What is the common name of the drably coloured bird, correctly the cinclus cinclus, which builds its nest on a crevice or a ledge in the bank of a fast moving river and feeds on larvae and molluscs taken from the river bed in a highly distinctive action?

(White Fronted) Dipper

(accept old name of Water Ouzel)

4.

 What is the common name of the drably coloured bird, correctly the riparia riparia, which builds its nest at the end of a burrow dug into a river bank, and feeds on flying invertebrates taken on the wing?

Sand Martin

5.

Who, in 1860, accepted the post of State Geologist of California and was later to become Professor of Geology at Harvard University?
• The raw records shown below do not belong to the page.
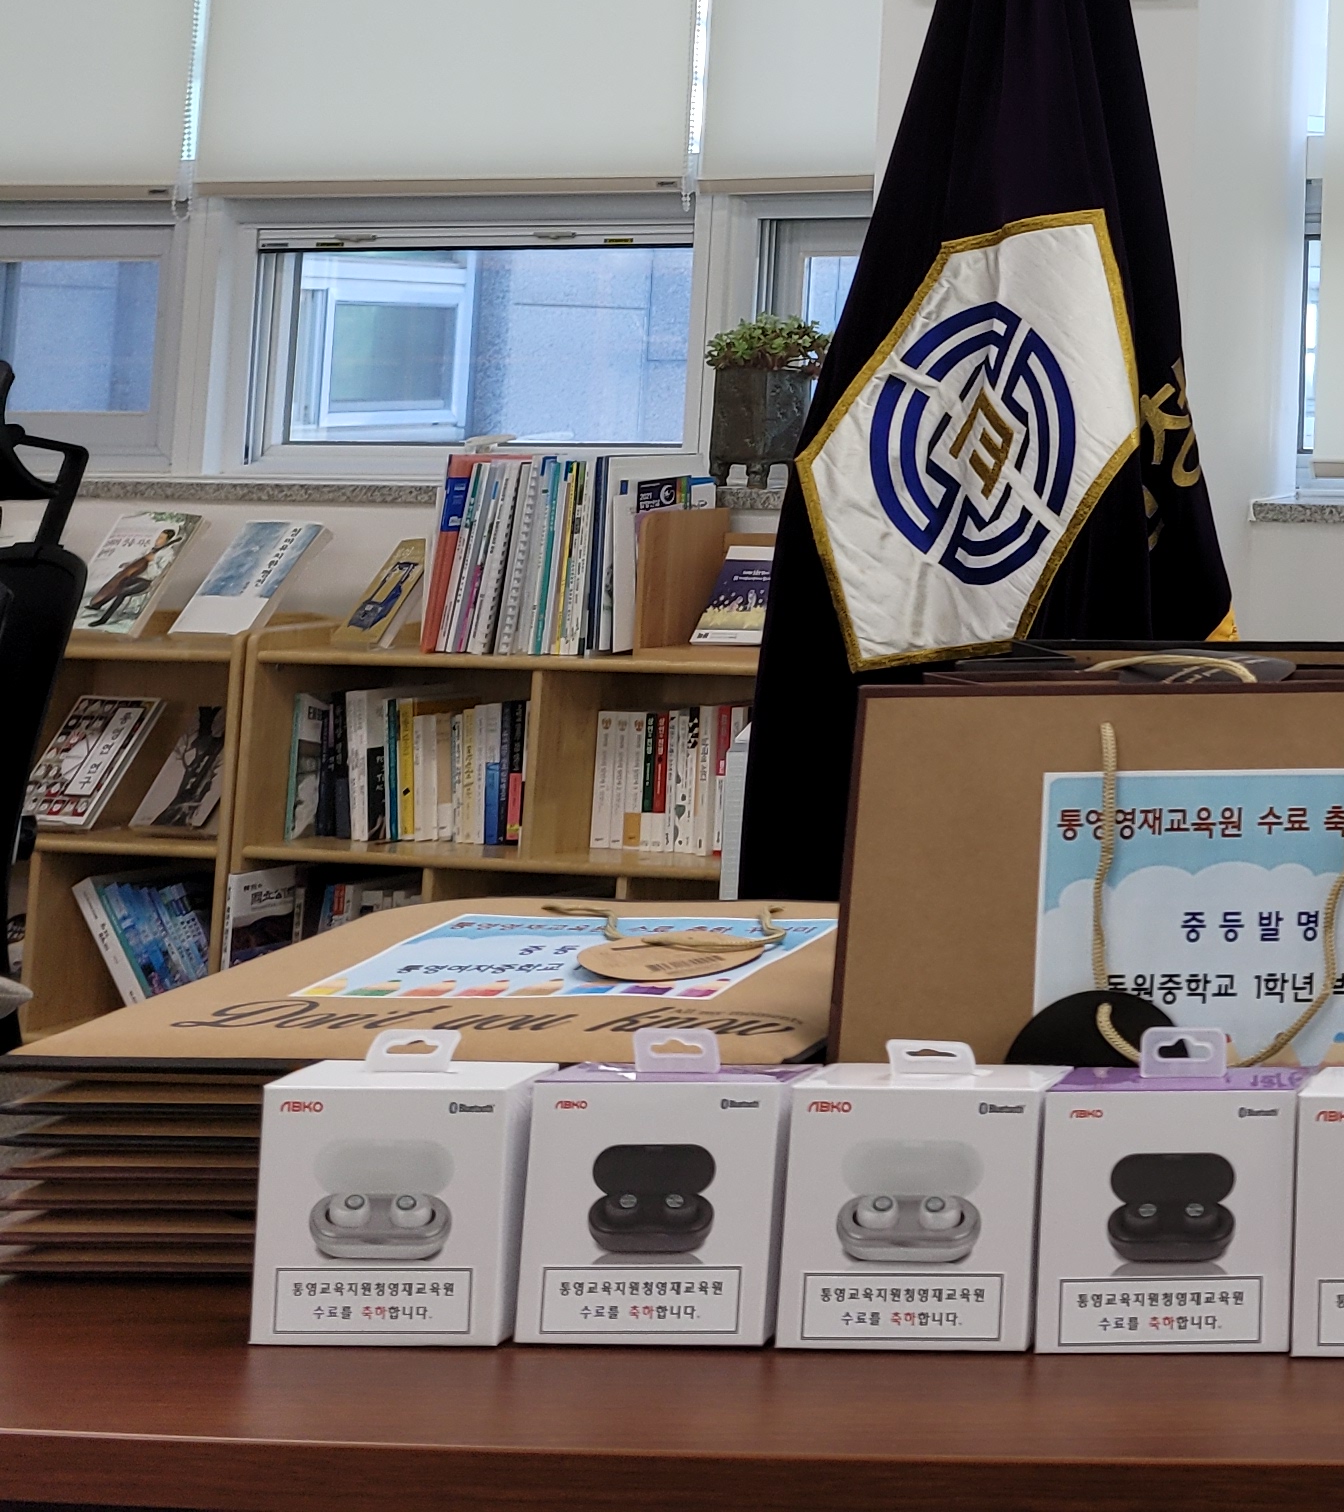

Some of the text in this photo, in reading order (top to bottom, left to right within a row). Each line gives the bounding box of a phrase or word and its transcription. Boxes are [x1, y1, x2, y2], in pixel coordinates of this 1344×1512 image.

[1256, 807, 1311, 838] 수료
[1254, 972, 1316, 1005] 1학년
[170, 999, 452, 1030] Don't
[584, 1006, 796, 1036] know
[279, 1100, 324, 1113] ABKO
[554, 1100, 588, 1110] ABKO
[807, 1100, 853, 1113] ABKO
[1069, 1109, 1104, 1119] ABKO
[292, 1281, 455, 1297] 통영교육지원청영재교육원
[558, 1280, 724, 1297] 통영교육지원청영재교육원
[820, 1287, 985, 1303] 통영교육지원청영재교육원
[1076, 1290, 1244, 1309] 통영교육지원청영재교육원
[312, 1305, 434, 1320] 수료를 축하합니다.
[579, 1304, 701, 1320] 수료를 축하합니다.
[840, 1311, 963, 1327] 수료를 축하합니다.
[1097, 1315, 1223, 1332] 수료를 축하합니다.
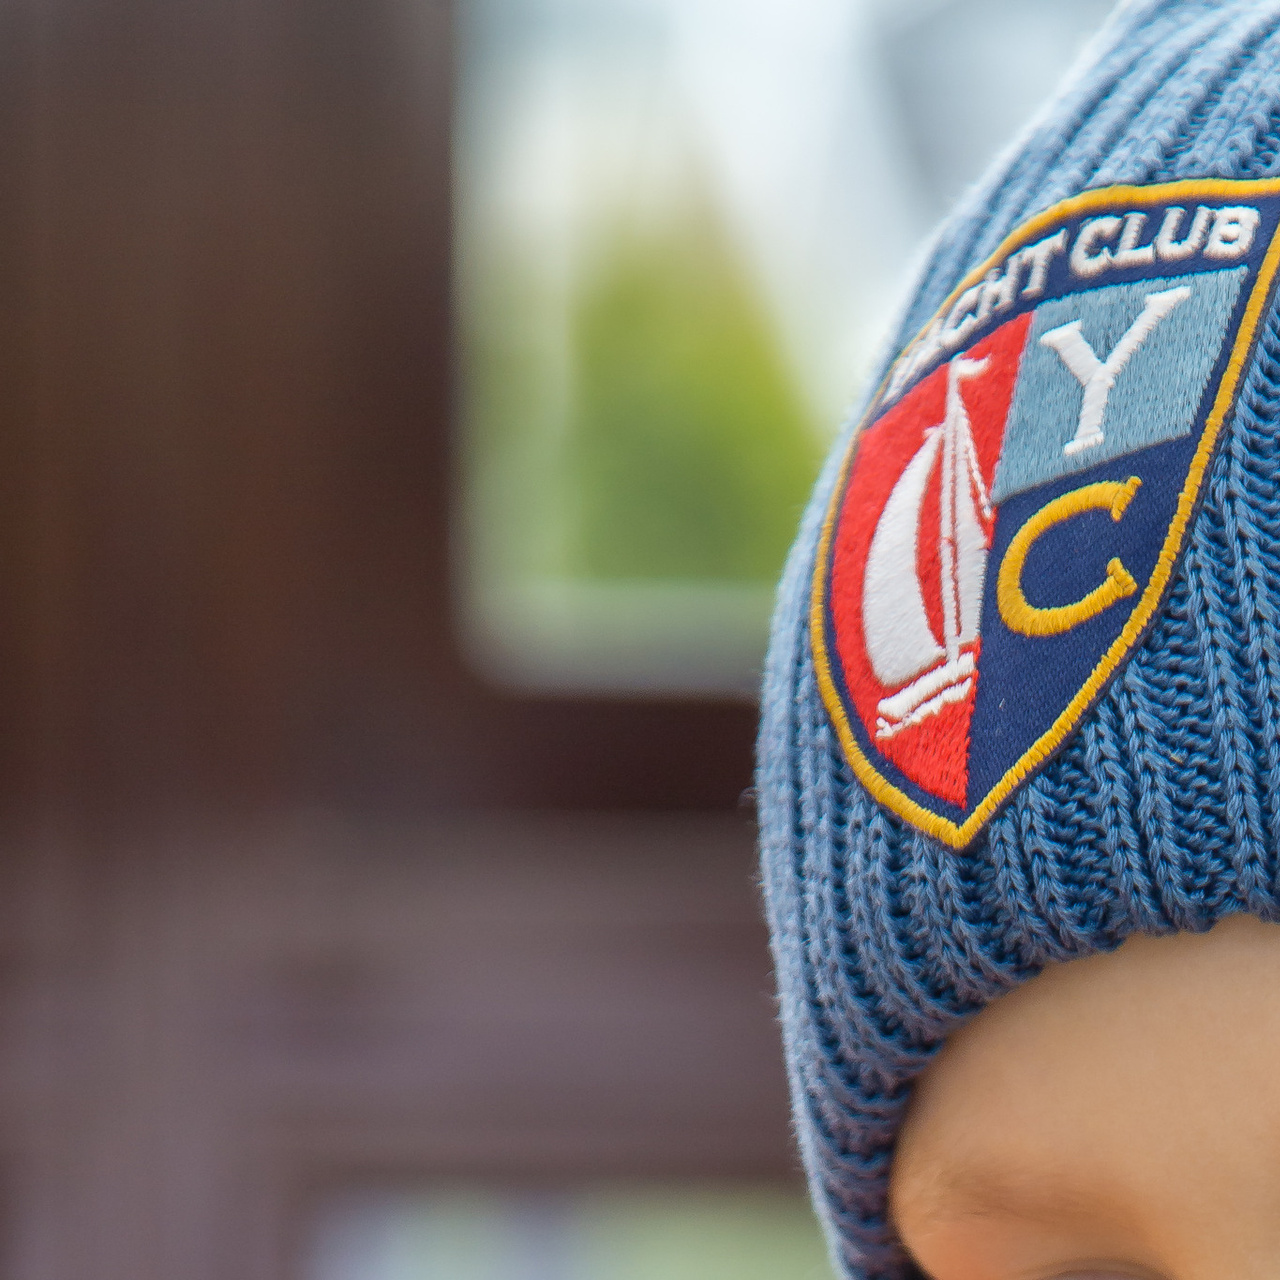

(Joshua) Whitney (as in the mountain)

6.

In 1965 the US Geological Service considered and rejected a petition to have Mount Whitney renamed in honour of which Honorary Citizen of the USA?

Churchill

7.

Who wrote the line of poetry “The best laid schemes of mice and men” which provided the inspiration for the title of the novel by John Steinbeck?

Robert Burns

8.

Which Steinbeck novel takes its title from the book of Genesis Chapter 4 verse 16?

East of Eden

Go back to Round 7 questions without answers

 

 

 

 

 

 

 

 

 

 

 

 

 

 

 

 

 

 

 

 

 

 

 

 

 

 

ROUND 8 - Hidden theme

1.

What avant-garde theatre in the Borough of Camden is housed in a building that was originally for the use of the Bloomsbury Rifles?

Drill Hall

(often the host of Radio 4’s Just a Minute)

2.

Which fictional character has been portrayed in film by both Steve McQueen and Pierce Brosnan?

Thomas Crown

3.

Which film took its title from an opinion originally expressed by Lieutenant General Frederick Browning, portrayed in the film by Dirk Bogarde?

A Bridge Too Far

4.

Which nineteenth century novel concludes with the epitaph of the chief protagonists, a brother and sister who had perished by drowning, “In their death they were not divided”?

The Mill on the Floss

5.

What is the name of the ropes used to rotate the yards around the mast of a square rigged ship that allow it to sail at different angles to the wind?

Braces

6.

What had its origins in 1867 at number 24 Holles Street, Cavendish Square, London; a building which was to be demolished a mere twenty two years later?

The Blue Plaque Scheme

(the house was the one time home of Lord Byron)

7.

For which club did Alfredo di Stefano make his professional debut in 1945?

River Plate

8.

What was the name of the Royal Naval frigate selected for a voyage to Barbados to test the accuracy of John Harrison’s H4 model of chronometer?

HMS Tartar

Sp.

Which BBC character made his television debut in 1963 and made £10,900 for his charity, Childline, on a special edition of The Weakest Link in 2005?

Basil Brush

Theme: Each answer contains a word connected with dentistry

Go back to Round 8 questions without answers

 

 

 

 

 

 

 

 

 

 

 

 

 

 

 

 

 

 

 

 

 

 

 

 

 

 

 

 

 

 

Spares

1.

The current exhibition The Pleasure Principle at the Tate Liverpool features the work of which surrealist artist?

Rene Magritte

2.

Which Maori word, used as a greeting and roughly translating to 'good health' in English, has been appropriated as a brand name by Atlantic Industries?

Kia Ora

3.

Who, In Greek mythology, was the daughter of Ares and Queen of the Amazons?

Hippolyta

4.

Which of the world’s 8,000 metre peaks was the first to be successfully ascended?